Peddlers and Princes: Social Development and Economic Change in Two Indonesian Towns, by Clifford Geertz

Download PDF Peddlers and Princes: Social Development and Economic Change in Two Indonesian Towns, by Clifford Geertz

Peddlers And Princes: Social Development And Economic Change In Two Indonesian Towns, By Clifford Geertz. The developed innovation, nowadays assist everything the human needs. It includes the everyday tasks, works, office, enjoyment, and also a lot more. One of them is the wonderful web link and computer system. This problem will relieve you to assist among your pastimes, reviewing routine. So, do you have willing to review this e-book Peddlers And Princes: Social Development And Economic Change In Two Indonesian Towns, By Clifford Geertz now?

Reading book Peddlers And Princes: Social Development And Economic Change In Two Indonesian Towns, By Clifford Geertz, nowadays, will certainly not require you to consistently get in the store off-line. There is a terrific location to acquire guide Peddlers And Princes: Social Development And Economic Change In Two Indonesian Towns, By Clifford Geertz by on-line. This site is the most effective website with lots varieties of book collections. As this Peddlers And Princes: Social Development And Economic Change In Two Indonesian Towns, By Clifford Geertz will be in this publication, all books that you require will be right below, too. Simply hunt for the name or title of guide Peddlers And Princes: Social Development And Economic Change In Two Indonesian Towns, By Clifford Geertz You can locate exactly what you are searching for.

So, also you need responsibility from the company, you might not be confused more because publications Peddlers And Princes: Social Development And Economic Change In Two Indonesian Towns, By Clifford Geertz will always help you. If this Peddlers And Princes: Social Development And Economic Change In Two Indonesian Towns, By Clifford Geertz is your best companion today to cover your job or job, you could as quickly as possible get this publication. How? As we have actually informed formerly, just go to the web link that we offer below. The verdict is not just guide Peddlers And Princes: Social Development And Economic Change In Two Indonesian Towns, By Clifford Geertz that you look for; it is how you will get several publications to support your ability and also capacity to have piece de resistance.

We will certainly show you the most effective and best way to get publication Peddlers And Princes: Social Development And Economic Change In Two Indonesian Towns, By Clifford Geertz in this globe. Lots of collections that will certainly support your obligation will be below. It will certainly make you feel so best to be part of this site. Becoming the participant to consistently see what up-to-date from this publication Peddlers And Princes: Social Development And Economic Change In Two Indonesian Towns, By Clifford Geertz website will certainly make you feel best to search for the books. So, just now, and also below, get this Peddlers And Princes: Social Development And Economic Change In Two Indonesian Towns, By Clifford Geertz to download and save it for your valuable worthwhile.

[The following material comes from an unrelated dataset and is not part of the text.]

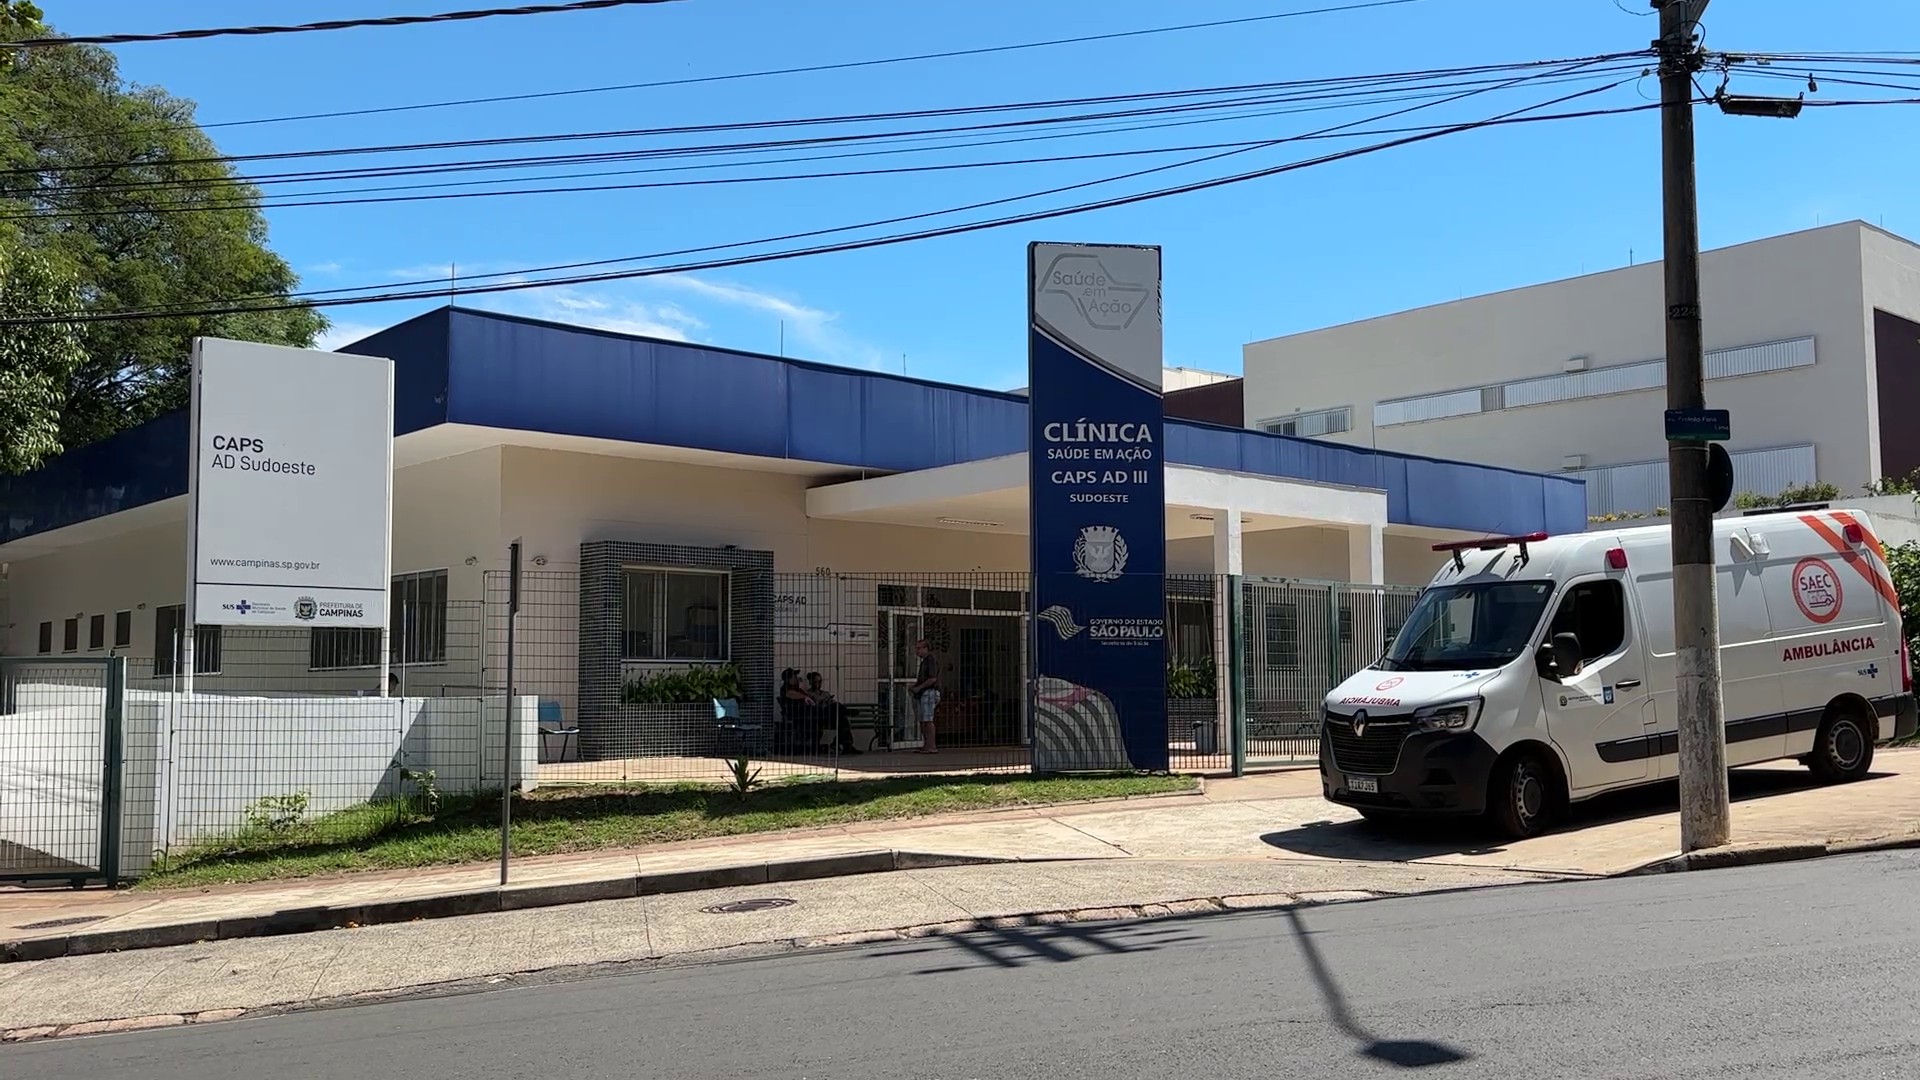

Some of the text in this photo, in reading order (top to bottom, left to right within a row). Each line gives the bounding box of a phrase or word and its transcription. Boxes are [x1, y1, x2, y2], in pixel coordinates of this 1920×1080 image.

Peddlers and Princes: Social Development and Economic Change in Two Indonesian Towns, by Clifford Geertz

In a closely observed study of two Indonesian towns, Clifford Geertz analyzes the process of economic change in terms of people and behavior patterns rather than income and production. One of the rare empirical studies of the earliest stages of the transition to modern economic growth, Peddlers and Princes offers important facts and generalizations for the economist, the sociologist, and the South East Asia specialist.

"Peddlers and Princes is, like much of Geertz's other writing, eminently rewarding . . . Case study and broader theory are brought together in an illuminating marriage."—Donald Hindley, Annals of The American Academy of Political and Social Science

"What makes the book fascinating is the author's capacity to relate his anthropological findings to questions of central concern to the economist . . . "—H. G. Johnson, Journal of Political Economy

  • Sales Rank: #632757 in Books
  • Published on: 1963-12
  • Original language: English
  • Number of items: 1
  • Binding: Hardcover
  • 162 pages

About the Author
Clifford Geertz is professor of social sciences at the Institute for Advanced Study at Princeton University.

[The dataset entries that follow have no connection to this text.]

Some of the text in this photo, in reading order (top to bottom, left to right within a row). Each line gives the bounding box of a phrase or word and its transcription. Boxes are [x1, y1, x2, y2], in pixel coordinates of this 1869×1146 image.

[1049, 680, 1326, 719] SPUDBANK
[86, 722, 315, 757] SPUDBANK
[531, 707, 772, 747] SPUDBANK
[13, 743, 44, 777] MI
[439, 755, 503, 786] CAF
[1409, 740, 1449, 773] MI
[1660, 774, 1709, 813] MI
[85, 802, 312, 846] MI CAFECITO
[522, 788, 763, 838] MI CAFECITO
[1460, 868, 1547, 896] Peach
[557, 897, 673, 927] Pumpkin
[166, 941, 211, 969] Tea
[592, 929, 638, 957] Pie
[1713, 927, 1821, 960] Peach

Most helpful customer reviews

5 of 5 people found the following review helpful.
Peddlers and Princes
By Dr. Vivienne Kruger
Based on extensive, hands-on field trips to both Bali (1957-58) and Java (1952-54), anthropologist Clifford Geertz evaluates Indonesia's prospects for economic development and growth in the postwar period from 1945 to 1963. His model of economic expansion interprets characteristic shifts in institutional, cultural, religious, and social values as the prerequisite signposts of a "pre-take off" society in transition from a traditional agricultural equilibrium to the emerging dynamic of a non-familial, commercial/industrial production system. He looks for and documents these fundamental patterns of change in social stratification, world view, education, degree of family cohesion, and in the nature of work itself (rising status of technical vs. aesthetic skills) in the representative bellwether towns of Tabanan in southwestern Bali and Modjokuto in eastern central Java.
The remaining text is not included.